START Input material

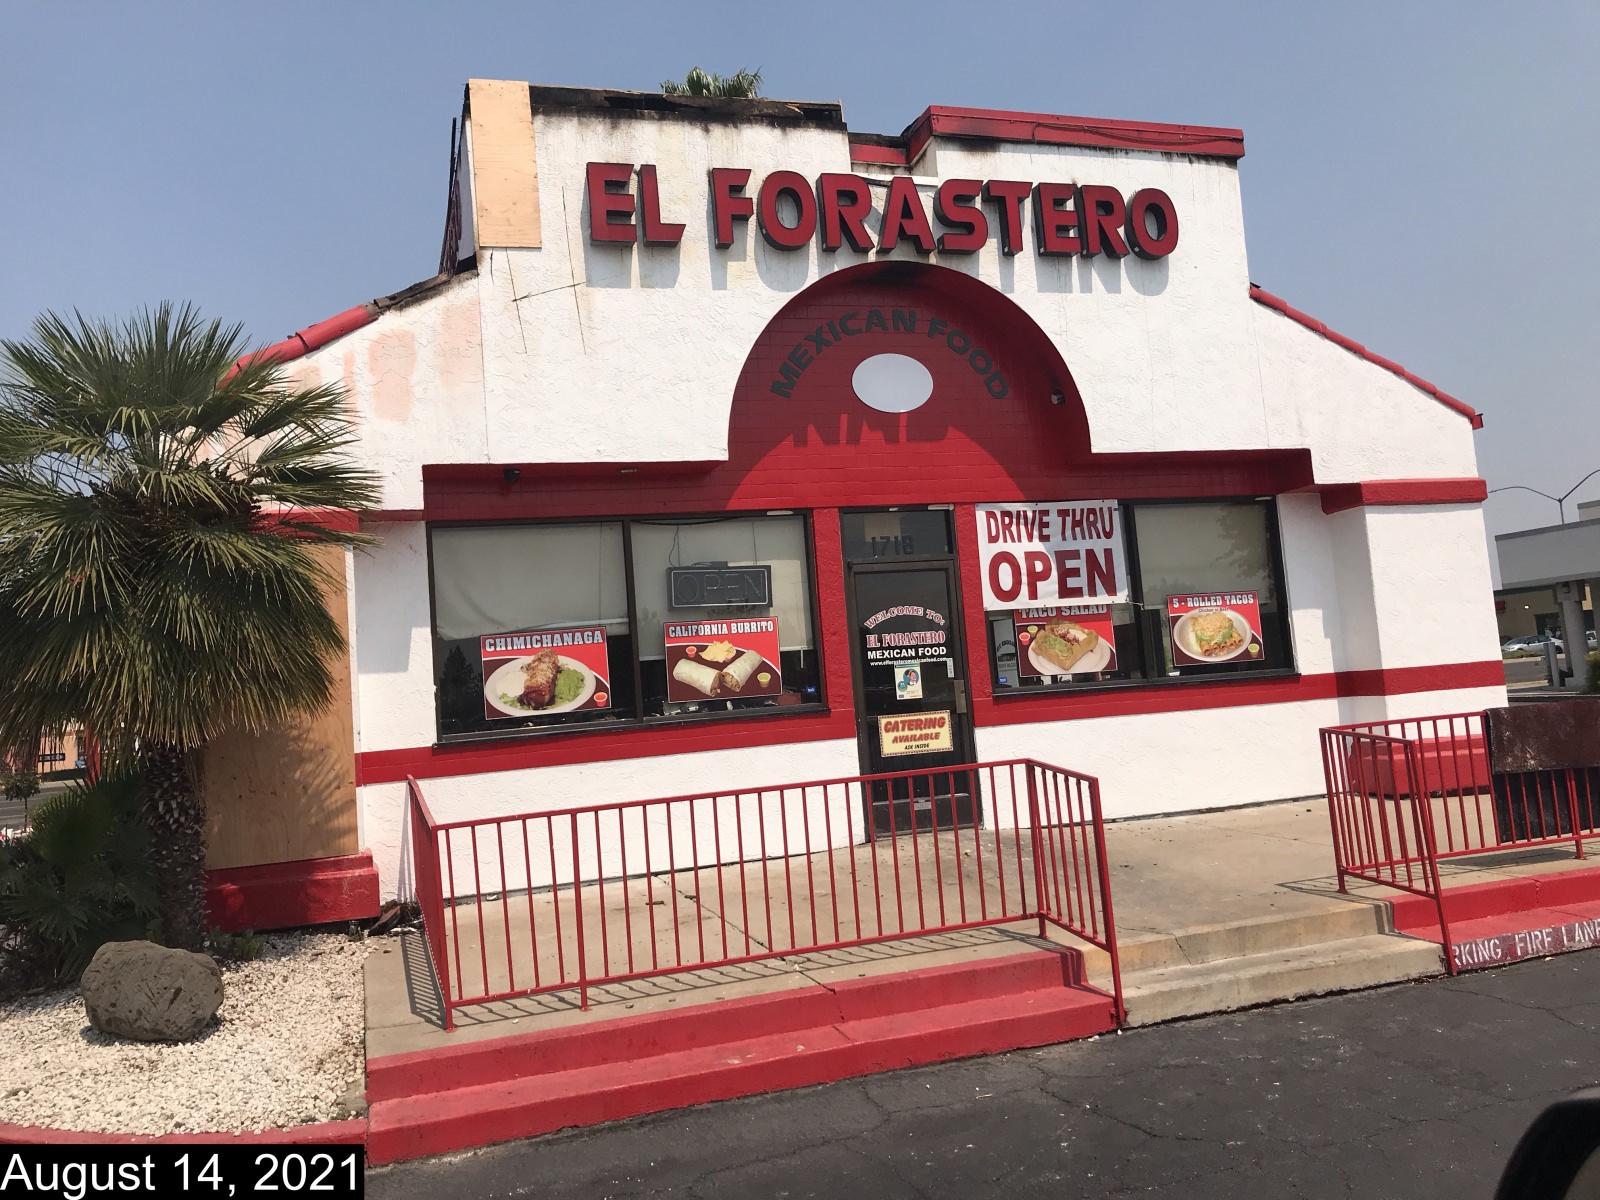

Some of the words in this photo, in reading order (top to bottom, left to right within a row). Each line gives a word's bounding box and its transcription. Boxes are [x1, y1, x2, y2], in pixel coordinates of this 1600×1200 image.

[584, 161, 687, 247] EL
[709, 167, 1180, 260] FORASTERO
[770, 309, 916, 399] MEXICAN
[927, 317, 1008, 400] FOOD
[985, 508, 1051, 545] DRIVE
[1056, 506, 1114, 543] THRU
[871, 535, 913, 556] 1718
[988, 548, 1118, 602] OPEN
[676, 573, 763, 602] OPEN
[1019, 606, 1057, 618] TACO
[1061, 604, 1107, 616] SALAD
[1173, 598, 1180, 609] 5
[1187, 595, 1222, 608] ROLLED
[1225, 594, 1254, 605] TACOS
[864, 606, 924, 629] WELCOME
[668, 623, 728, 638] CALIFORNIA
[731, 620, 774, 635] BURRITO
[866, 634, 880, 648] EL
[882, 630, 946, 647] FORASTERO
[485, 630, 604, 652] CHIMICHANAGA
[868, 648, 916, 660] MEXICAN
[918, 646, 946, 656] FOOD
[884, 716, 946, 733] CATERING
[892, 732, 941, 744] AVAILABLE
[1515, 928, 1553, 956] FIRE

END Input material

The whole listing above must be duplicated word for word, apart from its pictures.

▶ [Response box]:
Some of the words in this photo, in reading order (top to bottom, left to right within a row). Each line gives a word's bounding box and its transcription. Boxes are [x1, y1, x2, y2], in pixel coordinates of this 1600×1200 image.

[584, 161, 687, 247] EL
[709, 167, 1180, 260] FORASTERO
[770, 309, 916, 399] MEXICAN
[927, 317, 1008, 400] FOOD
[985, 508, 1051, 545] DRIVE
[1056, 506, 1114, 543] THRU
[871, 535, 913, 556] 1718
[988, 548, 1118, 602] OPEN
[676, 573, 763, 602] OPEN
[1019, 606, 1057, 618] TACO
[1061, 604, 1107, 616] SALAD
[1173, 598, 1180, 609] 5
[1187, 595, 1222, 608] ROLLED
[1225, 594, 1254, 605] TACOS
[864, 606, 924, 629] WELCOME
[668, 623, 728, 638] CALIFORNIA
[731, 620, 774, 635] BURRITO
[866, 634, 880, 648] EL
[882, 630, 946, 647] FORASTERO
[485, 630, 604, 652] CHIMICHANAGA
[868, 648, 916, 660] MEXICAN
[918, 646, 946, 656] FOOD
[884, 716, 946, 733] CATERING
[892, 732, 941, 744] AVAILABLE
[1515, 928, 1553, 956] FIRE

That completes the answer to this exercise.